-- EXERCISE --
Would you please output only the lines from the one containing "this 1665×936 image." through the end of the entries below, exactly as written?

Start of Block

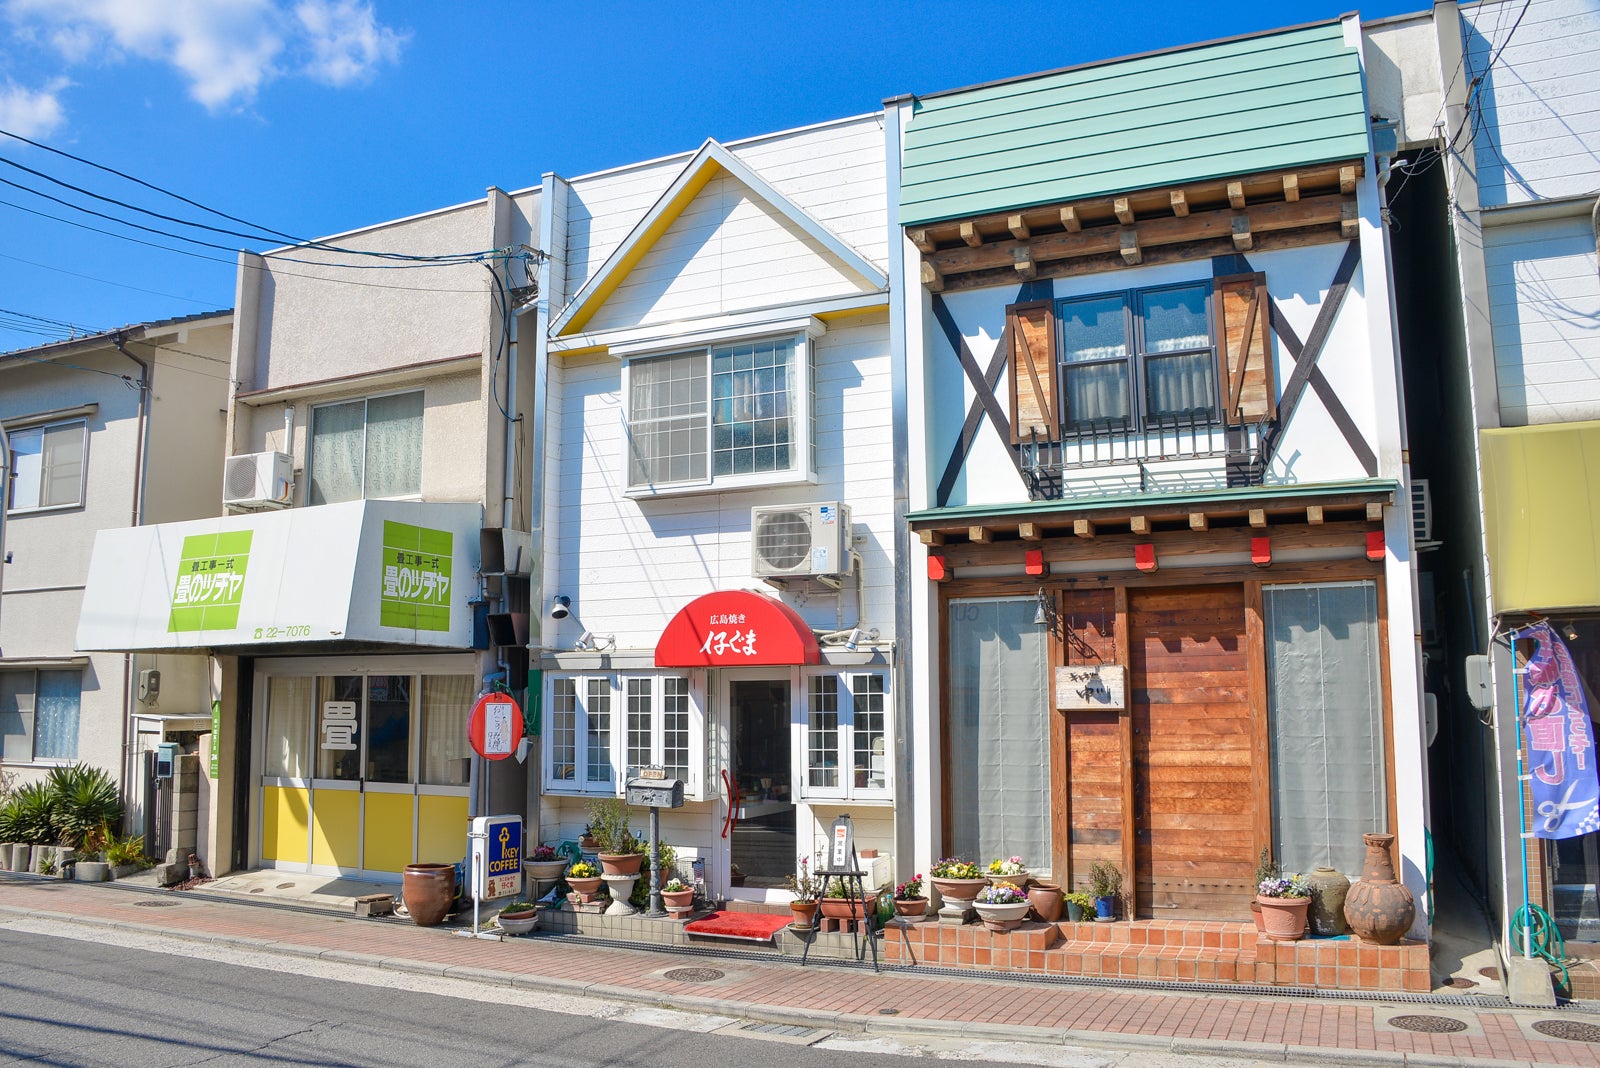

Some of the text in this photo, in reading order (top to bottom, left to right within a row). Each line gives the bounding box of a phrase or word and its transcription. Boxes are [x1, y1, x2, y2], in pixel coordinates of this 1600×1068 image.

[191, 559, 235, 571] 畳工事一式
[397, 552, 439, 568] 畳工事一式
[174, 572, 243, 603] 畳のツチヤ
[383, 565, 449, 601] 畳のツチヤ
[709, 614, 746, 625] 広島焼き
[699, 629, 757, 656] 仔ぐま
[321, 701, 358, 750] 畳
[505, 847, 519, 859] KEY
[489, 859, 519, 873] COFFEE
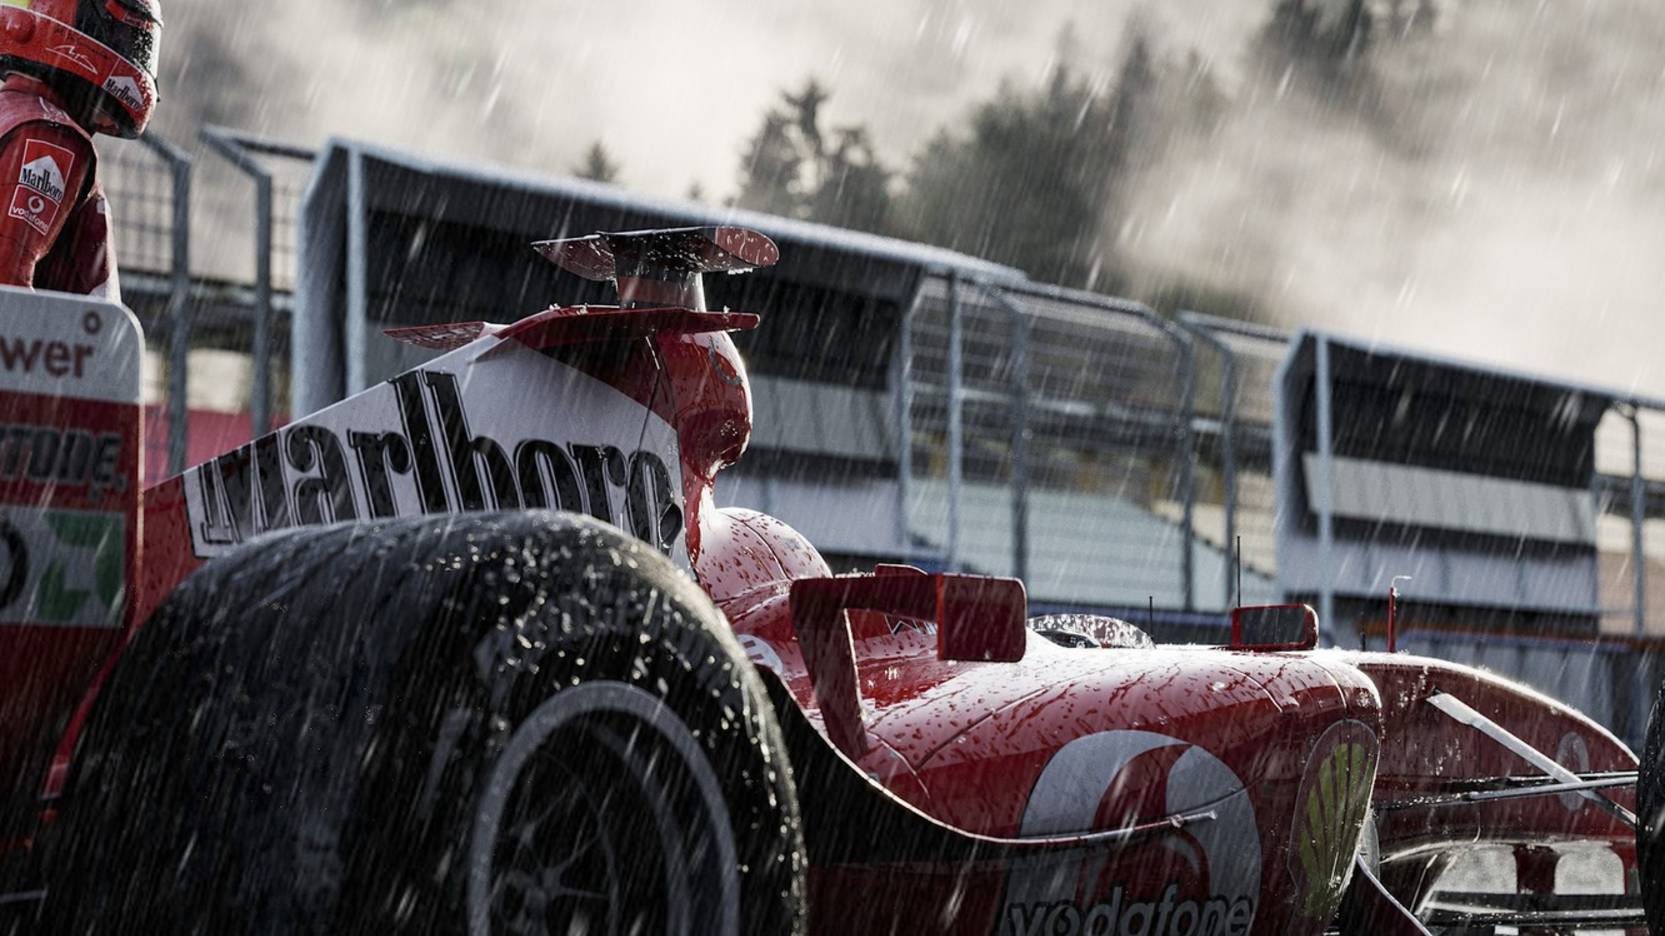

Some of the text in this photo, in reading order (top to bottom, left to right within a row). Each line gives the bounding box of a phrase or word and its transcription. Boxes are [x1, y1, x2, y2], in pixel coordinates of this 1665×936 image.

[105, 77, 142, 111] Marlboro
[20, 168, 64, 202] Marlboro
[12, 205, 49, 232] vodafone
[201, 370, 677, 547] Marlboro
[1007, 882, 1254, 936] vodafone

End of Block

-- FINISHED EXERCISE --
Some of the text in this photo, in reading order (top to bottom, left to right within a row). Each line gives the bounding box of a phrase or word and its transcription. Boxes are [x1, y1, x2, y2], in pixel coordinates of this 1665×936 image.

[105, 77, 142, 111] Marlboro
[20, 168, 64, 202] Marlboro
[12, 205, 49, 232] vodafone
[201, 370, 677, 547] Marlboro
[1007, 882, 1254, 936] vodafone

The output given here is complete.